(THE DATA)
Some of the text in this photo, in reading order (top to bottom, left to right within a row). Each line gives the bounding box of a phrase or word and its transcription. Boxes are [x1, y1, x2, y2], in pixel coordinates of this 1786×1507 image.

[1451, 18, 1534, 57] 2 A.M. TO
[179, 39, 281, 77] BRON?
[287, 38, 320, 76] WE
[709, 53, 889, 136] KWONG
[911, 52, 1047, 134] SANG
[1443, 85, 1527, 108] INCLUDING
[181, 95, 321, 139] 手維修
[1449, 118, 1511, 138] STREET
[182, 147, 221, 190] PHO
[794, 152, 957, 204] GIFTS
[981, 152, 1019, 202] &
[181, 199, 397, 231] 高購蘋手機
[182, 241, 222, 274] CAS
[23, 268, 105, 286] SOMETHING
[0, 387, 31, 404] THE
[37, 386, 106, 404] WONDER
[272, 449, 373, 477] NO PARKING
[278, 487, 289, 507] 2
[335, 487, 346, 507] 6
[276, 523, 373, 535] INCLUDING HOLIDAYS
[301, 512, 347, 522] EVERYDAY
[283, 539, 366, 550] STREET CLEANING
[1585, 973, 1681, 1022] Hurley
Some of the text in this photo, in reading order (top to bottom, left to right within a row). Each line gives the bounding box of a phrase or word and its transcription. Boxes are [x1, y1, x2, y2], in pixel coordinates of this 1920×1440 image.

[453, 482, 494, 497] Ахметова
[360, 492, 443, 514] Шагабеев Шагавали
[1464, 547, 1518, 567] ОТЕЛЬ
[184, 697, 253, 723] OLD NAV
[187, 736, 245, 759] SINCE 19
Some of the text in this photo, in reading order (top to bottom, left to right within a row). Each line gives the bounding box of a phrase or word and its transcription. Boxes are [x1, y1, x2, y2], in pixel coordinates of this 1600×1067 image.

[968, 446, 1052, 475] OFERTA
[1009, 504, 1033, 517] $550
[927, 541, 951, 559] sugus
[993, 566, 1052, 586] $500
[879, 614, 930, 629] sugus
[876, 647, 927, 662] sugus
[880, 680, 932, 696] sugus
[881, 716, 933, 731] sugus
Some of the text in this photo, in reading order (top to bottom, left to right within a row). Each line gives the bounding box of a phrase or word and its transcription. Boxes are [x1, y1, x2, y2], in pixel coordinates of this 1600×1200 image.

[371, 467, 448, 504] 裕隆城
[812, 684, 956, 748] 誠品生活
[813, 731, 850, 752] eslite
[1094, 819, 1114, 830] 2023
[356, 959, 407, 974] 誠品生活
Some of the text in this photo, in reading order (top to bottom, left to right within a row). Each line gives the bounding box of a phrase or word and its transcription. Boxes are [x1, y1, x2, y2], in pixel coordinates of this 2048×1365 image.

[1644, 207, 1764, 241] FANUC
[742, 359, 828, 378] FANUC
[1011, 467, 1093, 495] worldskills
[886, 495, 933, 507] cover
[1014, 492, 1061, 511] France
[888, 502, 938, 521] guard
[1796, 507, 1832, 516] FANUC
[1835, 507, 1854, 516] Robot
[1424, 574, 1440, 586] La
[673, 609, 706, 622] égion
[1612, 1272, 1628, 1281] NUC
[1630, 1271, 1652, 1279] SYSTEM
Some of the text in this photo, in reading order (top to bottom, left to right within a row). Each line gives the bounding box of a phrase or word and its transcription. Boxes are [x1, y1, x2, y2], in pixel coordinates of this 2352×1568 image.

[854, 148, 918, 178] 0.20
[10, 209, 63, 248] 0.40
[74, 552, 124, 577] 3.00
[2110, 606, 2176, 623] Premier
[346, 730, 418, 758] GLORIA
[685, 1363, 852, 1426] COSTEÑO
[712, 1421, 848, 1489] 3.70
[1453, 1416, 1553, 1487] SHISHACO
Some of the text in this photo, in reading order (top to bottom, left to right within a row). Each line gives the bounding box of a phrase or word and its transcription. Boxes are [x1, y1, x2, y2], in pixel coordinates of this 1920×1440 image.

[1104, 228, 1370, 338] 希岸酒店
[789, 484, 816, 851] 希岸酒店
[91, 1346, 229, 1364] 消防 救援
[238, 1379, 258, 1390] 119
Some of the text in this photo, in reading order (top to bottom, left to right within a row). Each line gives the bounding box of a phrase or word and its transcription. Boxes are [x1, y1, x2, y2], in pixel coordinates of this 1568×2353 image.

(THE PROBLEM)
Word for word, write out every record.

(ANSWER TO THE PROBLEM)
Some of the text in this photo, in reading order (top to bottom, left to right within a row). Each line gives the bounding box of a phrase or word and its transcription. Boxes are [x1, y1, x2, y2], in pixel coordinates of this 1786×1507 image.

[1451, 18, 1534, 57] 2 A.M. TO
[179, 39, 281, 77] BRON?
[287, 38, 320, 76] WE
[709, 53, 889, 136] KWONG
[911, 52, 1047, 134] SANG
[1443, 85, 1527, 108] INCLUDING
[181, 95, 321, 139] 手維修
[1449, 118, 1511, 138] STREET
[182, 147, 221, 190] PHO
[794, 152, 957, 204] GIFTS
[981, 152, 1019, 202] &
[181, 199, 397, 231] 高購蘋手機
[182, 241, 222, 274] CAS
[23, 268, 105, 286] SOMETHING
[0, 387, 31, 404] THE
[37, 386, 106, 404] WONDER
[272, 449, 373, 477] NO PARKING
[278, 487, 289, 507] 2
[335, 487, 346, 507] 6
[276, 523, 373, 535] INCLUDING HOLIDAYS
[301, 512, 347, 522] EVERYDAY
[283, 539, 366, 550] STREET CLEANING
[1585, 973, 1681, 1022] Hurley
Some of the text in this photo, in reading order (top to bottom, left to right within a row). Each line gives the bounding box of a phrase or word and its transcription. Boxes are [x1, y1, x2, y2], in pixel coordinates of this 1920×1440 image.

[453, 482, 494, 497] Ахметова
[360, 492, 443, 514] Шагабеев Шагавали
[1464, 547, 1518, 567] ОТЕЛЬ
[184, 697, 253, 723] OLD NAV
[187, 736, 245, 759] SINCE 19
Some of the text in this photo, in reading order (top to bottom, left to right within a row). Each line gives the bounding box of a phrase or word and its transcription. Boxes are [x1, y1, x2, y2], in pixel coordinates of this 1600×1067 image.

[968, 446, 1052, 475] OFERTA
[1009, 504, 1033, 517] $550
[927, 541, 951, 559] sugus
[993, 566, 1052, 586] $500
[879, 614, 930, 629] sugus
[876, 647, 927, 662] sugus
[880, 680, 932, 696] sugus
[881, 716, 933, 731] sugus
Some of the text in this photo, in reading order (top to bottom, left to right within a row). Each line gives the bounding box of a phrase or word and its transcription. Boxes are [x1, y1, x2, y2], in pixel coordinates of this 1600×1200 image.

[371, 467, 448, 504] 裕隆城
[812, 684, 956, 748] 誠品生活
[813, 731, 850, 752] eslite
[1094, 819, 1114, 830] 2023
[356, 959, 407, 974] 誠品生活
Some of the text in this photo, in reading order (top to bottom, left to right within a row). Each line gives the bounding box of a phrase or word and its transcription. Boxes are [x1, y1, x2, y2], in pixel coordinates of this 2048×1365 image.

[1644, 207, 1764, 241] FANUC
[742, 359, 828, 378] FANUC
[1011, 467, 1093, 495] worldskills
[886, 495, 933, 507] cover
[1014, 492, 1061, 511] France
[888, 502, 938, 521] guard
[1796, 507, 1832, 516] FANUC
[1835, 507, 1854, 516] Robot
[1424, 574, 1440, 586] La
[673, 609, 706, 622] égion
[1612, 1272, 1628, 1281] NUC
[1630, 1271, 1652, 1279] SYSTEM
Some of the text in this photo, in reading order (top to bottom, left to right within a row). Each line gives the bounding box of a phrase or word and its transcription. Boxes are [x1, y1, x2, y2], in pixel coordinates of this 2352×1568 image.

[854, 148, 918, 178] 0.20
[10, 209, 63, 248] 0.40
[74, 552, 124, 577] 3.00
[2110, 606, 2176, 623] Premier
[346, 730, 418, 758] GLORIA
[685, 1363, 852, 1426] COSTEÑO
[712, 1421, 848, 1489] 3.70
[1453, 1416, 1553, 1487] SHISHACO
Some of the text in this photo, in reading order (top to bottom, left to right within a row). Each line gives the bounding box of a phrase or word and its transcription. Boxes are [x1, y1, x2, y2], in pixel coordinates of this 1920×1440 image.

[1104, 228, 1370, 338] 希岸酒店
[789, 484, 816, 851] 希岸酒店
[91, 1346, 229, 1364] 消防 救援
[238, 1379, 258, 1390] 119
Some of the text in this photo, in reading order (top to bottom, left to right within a row). Each line gives the bounding box of a phrase or word and its transcription. Boxes are [x1, y1, x2, y2], in pixel coordinates of this 1568×2353 image.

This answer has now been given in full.